A-League utility Shannon Cole takes Australian FourFourTwo readers on a 21-year odyssey from Brazil-obsessed school kid to football pro in the 'promised land' on the eve of the 2014 World Cup. In part one he shares his thoughts during the long flight to Salvador.
June 9th 2014.
After three fantastic weeks with our American family, my wife Jackie and I have shoved our most colourful and festive clothes into a suitcase and headed for the promised land, Brazil. A place I always felt I would visit.
My obsession with the land of the giant Jesus began when I was eight years old.
Brazil’s sworn enemy, Argentina, visited Australian shores to play off for a spot at USA 94.
Not coming from a religiously footballing family, (though my dad always loved to watch) this was my first exposure to the game on such a grand scale.
With Maradona’s Argentines leaving mine and so many Australian hearts broken, all I could talk about was ‘soccer’.

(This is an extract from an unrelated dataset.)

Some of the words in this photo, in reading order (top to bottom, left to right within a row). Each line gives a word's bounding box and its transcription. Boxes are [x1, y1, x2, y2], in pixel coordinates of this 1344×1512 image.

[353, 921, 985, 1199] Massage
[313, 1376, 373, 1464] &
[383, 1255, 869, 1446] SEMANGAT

In school we were painting wooden spoons as Christmas gifts for members of our family. I dedicated my artwork to the greatest game I had ever witnessed and painted my wooden spoons yellow and green, blue and white. I gave them to my rugby league devout Pop whom I’d been telling about the game I’d seen.
In return for Christmas he bought me a hype-up video for the 1994 World Cup. I watched the video at least once a week, even during cricket season.

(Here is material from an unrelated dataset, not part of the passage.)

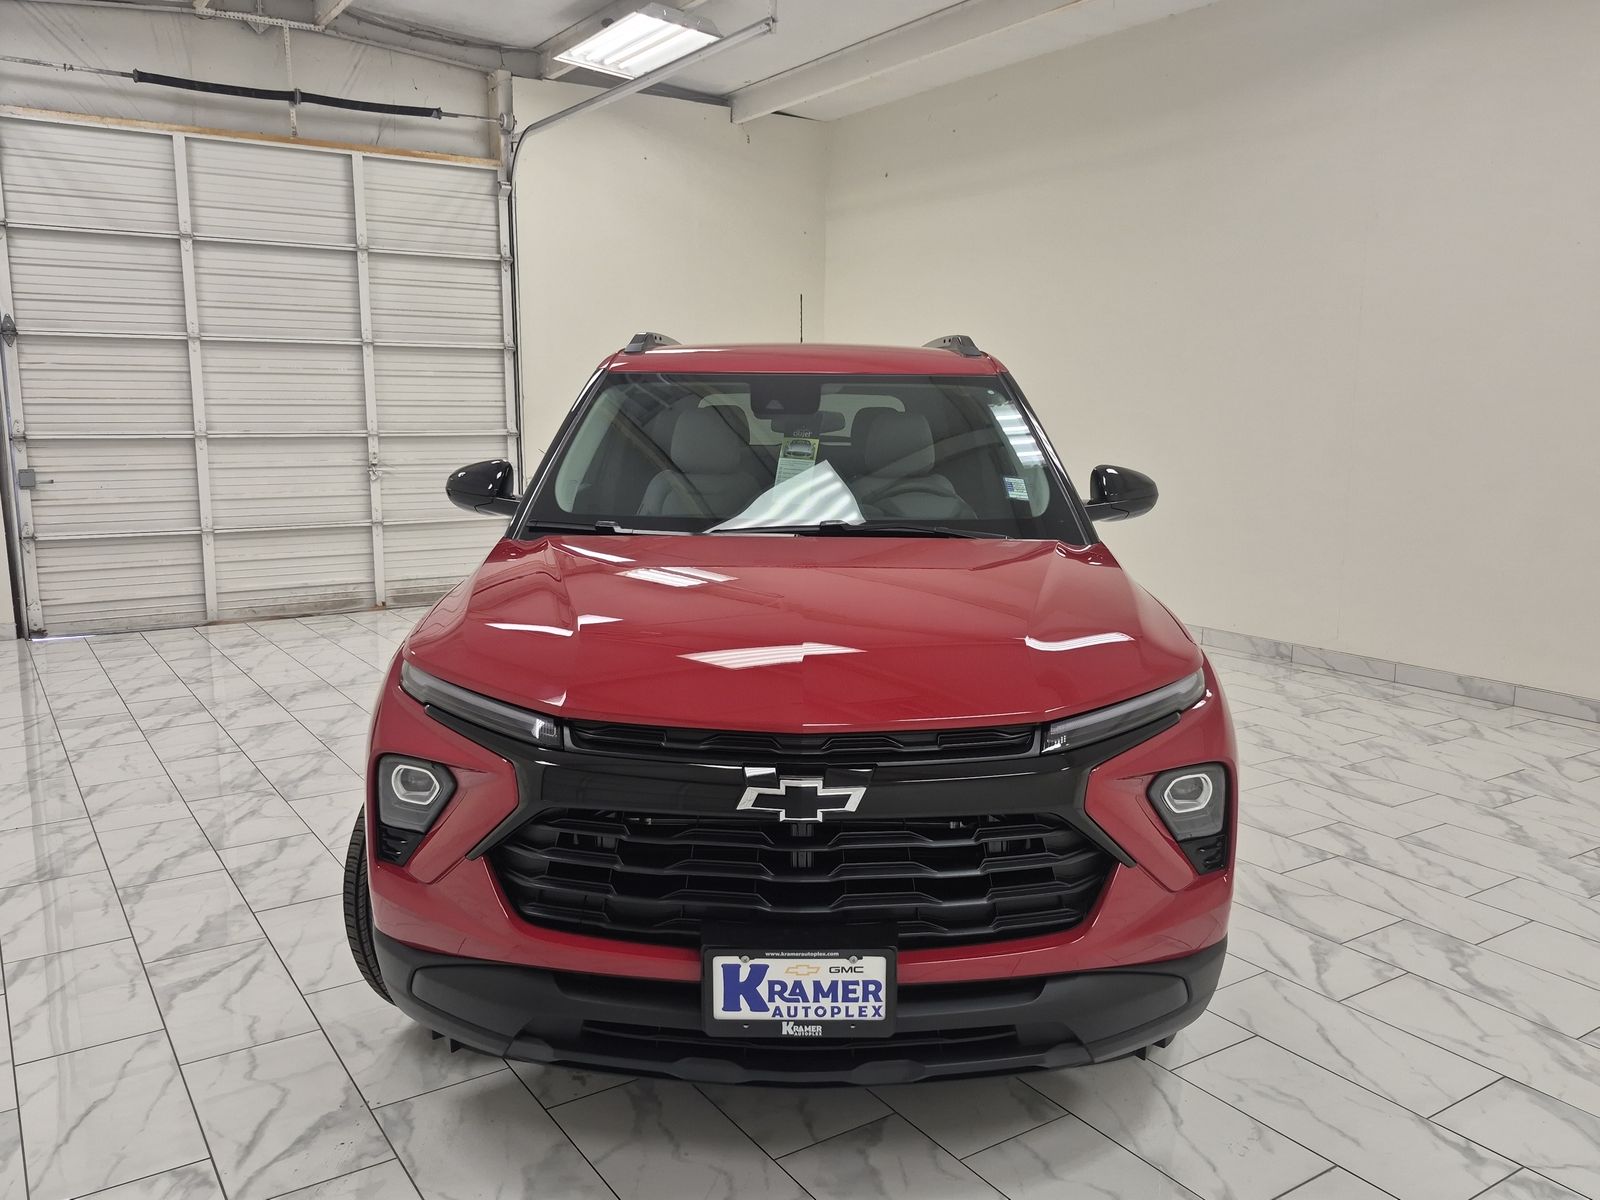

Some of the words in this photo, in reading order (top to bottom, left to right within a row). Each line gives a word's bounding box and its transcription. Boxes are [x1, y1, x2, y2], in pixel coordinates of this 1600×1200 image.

[828, 966, 865, 974] GMC
[721, 963, 883, 1012] KRAMER
[771, 1005, 883, 1018] AUTOPLEX
[781, 1021, 822, 1035] KRAMER

Much of it was a recap of the drama that took place at Italia ’90. The talking points I remember most clearly: a diving Jurgen Klinsman (interestingly now coaching USA in Brazil), and Italy’s scoring sensation Squilaci, whose name I would shout every time I ripped a volley into the trees of our front yard.
The second half of the video was focused heavily on Brazil’s qualification for the tournament.
I will never forget Romario rounding the keeper to open the scoring then leaping high at the back post to head through the keeper’s legs and clinch Brazil’s qualification.
The passion of their fans was unlike anything I’d ever seen. I’d been to Balmain Tiger’s games week in week out since I was old enough to remember. I loved it but never had I seen people so desperately in love with a game that their life seemed to depend on it. I was already madly in love with the game of football, but I was quickly developing a serious crush on the Brazilian national team.
With no Australia at the tournament I followed every Brazilian player and felt compelled by their style of football. Quick passing, plenty of movement and the compulsory touch of Brazilian flair that people all around the world had been drawn to for decades.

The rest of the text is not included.